Todos íbamos en ese tren sin máquina ni cabúz guiados por la prisa. Los pasos se me encendieron para el iluso pretender de ganarle al tiempo. Solo un breve lapso para cruzar la acera, tiempo sin minutos. Cansado de la andada, en marcha y de pronto, todos los años cayeron en mis piernas. Y me desplomé, golpeándome la cabeza. Se obscureció el espacio, los autos retumbantes se hicieron presentes, gritó mi compañera, nada podía hacer, su fuerza no llegabas al total de mi peso, hubo un algo de duda, bocinazos como trompeta inclemente mandaban maldiciones.

Después la nada, el silencio total y poco a poco sentí que descendía, era como un pozo oscuro hasta que fui acostumbrándome y descubrí que el pozo se comenzó a dividir en varios túneles cual si fuera un gran hormiguero y aunque cerrara los ojos seguía observando lleno de pánico como salían de los túneles seres pequeñísimos como duendecillos, o gnomos, algunos hobbits y uno que otro pitufo, todos me veían con ojos malditos y me rechinaban los dientes, y de pronto se fueron contra mí, con puñetazos, patadas y escupitajos.

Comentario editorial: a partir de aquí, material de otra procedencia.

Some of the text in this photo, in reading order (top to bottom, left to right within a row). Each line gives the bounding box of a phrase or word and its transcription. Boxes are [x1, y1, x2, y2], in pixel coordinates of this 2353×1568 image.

Pensé para mí ya me morí y voy derechito al infierno, seguí cayendo acompasadamente, comenzaron a salir de todos mis orificios unos insectos flácidos como queriendo roer mi piel, tal vez cansados de comer mis entresijos, quise gritar ya que la boca era lo único que podía abrir y al intentarlo salieron de ella gigantes coleópteros que desprendían cada uno, una orina insoportable y comenzaron a darse un gran festín con los gusanos hambrientos.

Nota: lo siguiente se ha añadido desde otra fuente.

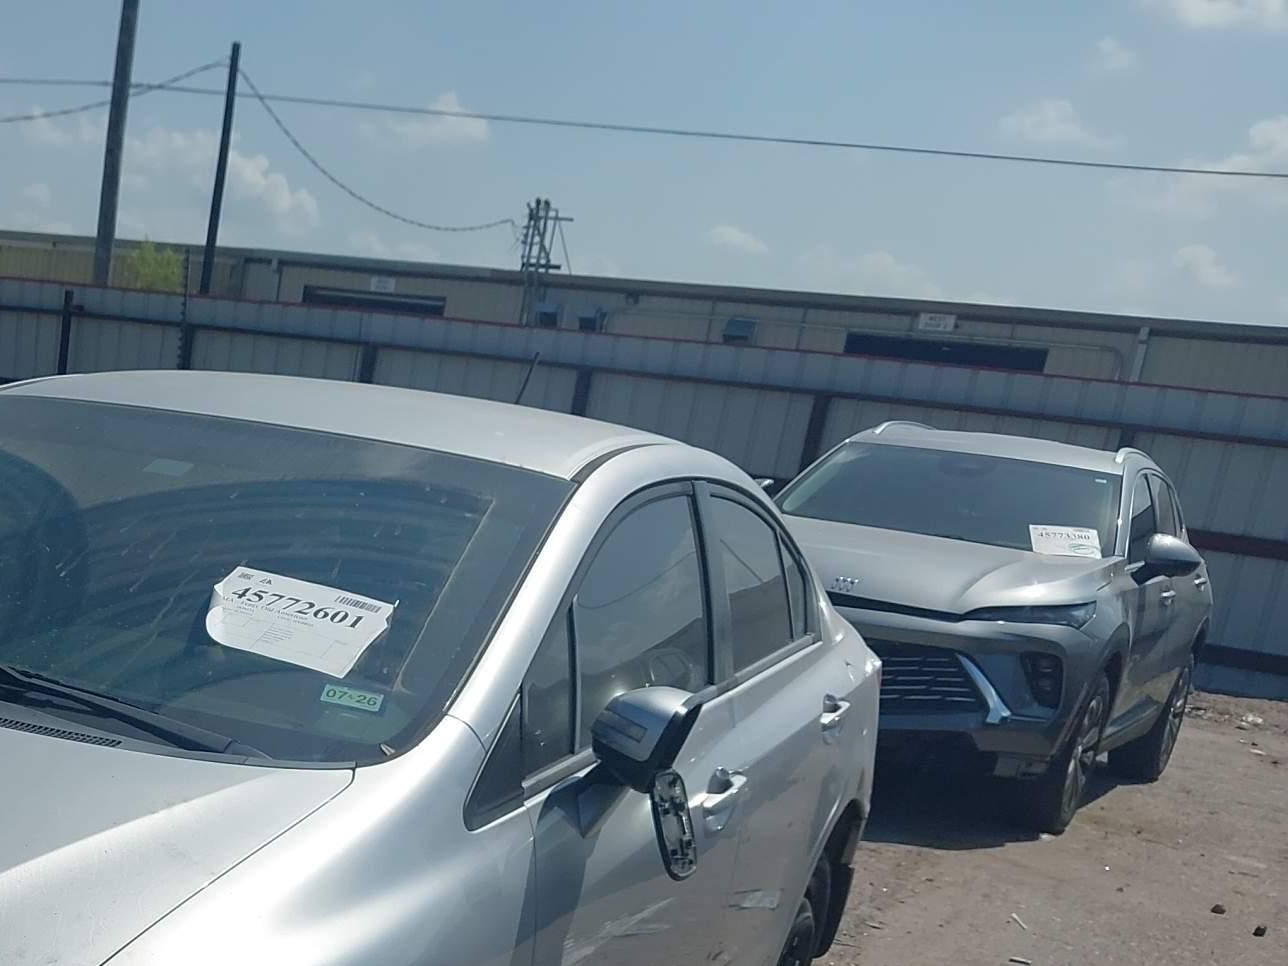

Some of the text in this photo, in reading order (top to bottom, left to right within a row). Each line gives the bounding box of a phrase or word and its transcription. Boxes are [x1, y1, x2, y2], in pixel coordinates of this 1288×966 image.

Pos de cual fumé o que me metí que estoy en mi propio Apocalipsis, el último pitillo fue hace veinte mil años y era de los llamados Gratos de puro mentolado, tampoco andaba ebrio, pues la última borrachera fue cuando ganó mi partido y eso que fue de buró; de drogas pues solo la glibenclamida y el complejo b.

Interrumpieron mis congojas una bandada de murciélagos, que al acercarse no eran lo que pensé, sino que todos eran pequeños diablos con sus tridentes que comenzaron a repartir demoniazos (ahora sí la palabra es justa) para desmadrar a los pinacates. En mala hora mi frente se puso rígida, ya pa qué, y se me rodó una lágrima que uno de los diablillos apuró de un trago y me la eructó en la cara, Hasta entonces comprendí que iba cayendo completamente desnudo o a lo mejor los anteriores habitantes se habían comido mi ropa. Hasta parecía una jalada de Federico.

Los pequeños demonios estaban pintando en mi cuerpo un campo de Futbol, con los arcos de los pies formaron las porterías. Entonces el más osado llegó hasta mi ojo derecho y sin pedirme permiso me arrancó la redonda córnea para usarla como balón y comenzó el partido, lo único que no permitían era rematar con la cabeza, porque con los cuernos podían ponchar el balón corneal, así tuerto, solo veía medio campo, sin embargo alcancé a divisar a Garrincha y a Chava Reyes que quien sabe cómo diablos le harían pero se dieron vuelo metiendo goles, cada gol me retachaba en mi ojo como si todavía estuviera completo. Uno se posesionó en la mera punta de mi calva y con un micrófono de potente volumen que me hería el oído porque traía puesto mi aparato contra lo sordera y anunciaba los goles con un grito horrendo, apenitas distinguí que era Ángel Fernández, pero tenía prohibido decir su nombre, por lo que se lo cambiaron por Chamuco Fernández.

Ya no pude más me arrepentí mil veces de haber leído la Divina comedia, el Aleph, el Paraíso perdido y el Evangelio... de Saramago. Al final del partido comenzaron a brindar con mi jugo gástrico, con mi líquido cefalorraquídeo, hasta quedar dormidos en mi silla turca y en mi hipotálamo cerebral. Desgraciadísimos me agarraron de puerquito.

De pronto se escuchó un bramido potente y todos despertaron y se despabilaron con la cola puntiaguda entre las piernas, con zapatos de pezuñas; el del bramido ocupo todo la luz del túnel abrió sus alas de vampiro y enseñó las garras y colmillos.

Eso si ya no lo pude soportar… Volví a la inconsciencia.

Cuando desperté estaba otra vez en la esquina de Victoria y Cinco de Febrero, rodeado de una bola de mirones que se reían de mí con carcajadas más ardorosas que los tridentes de los diablitos.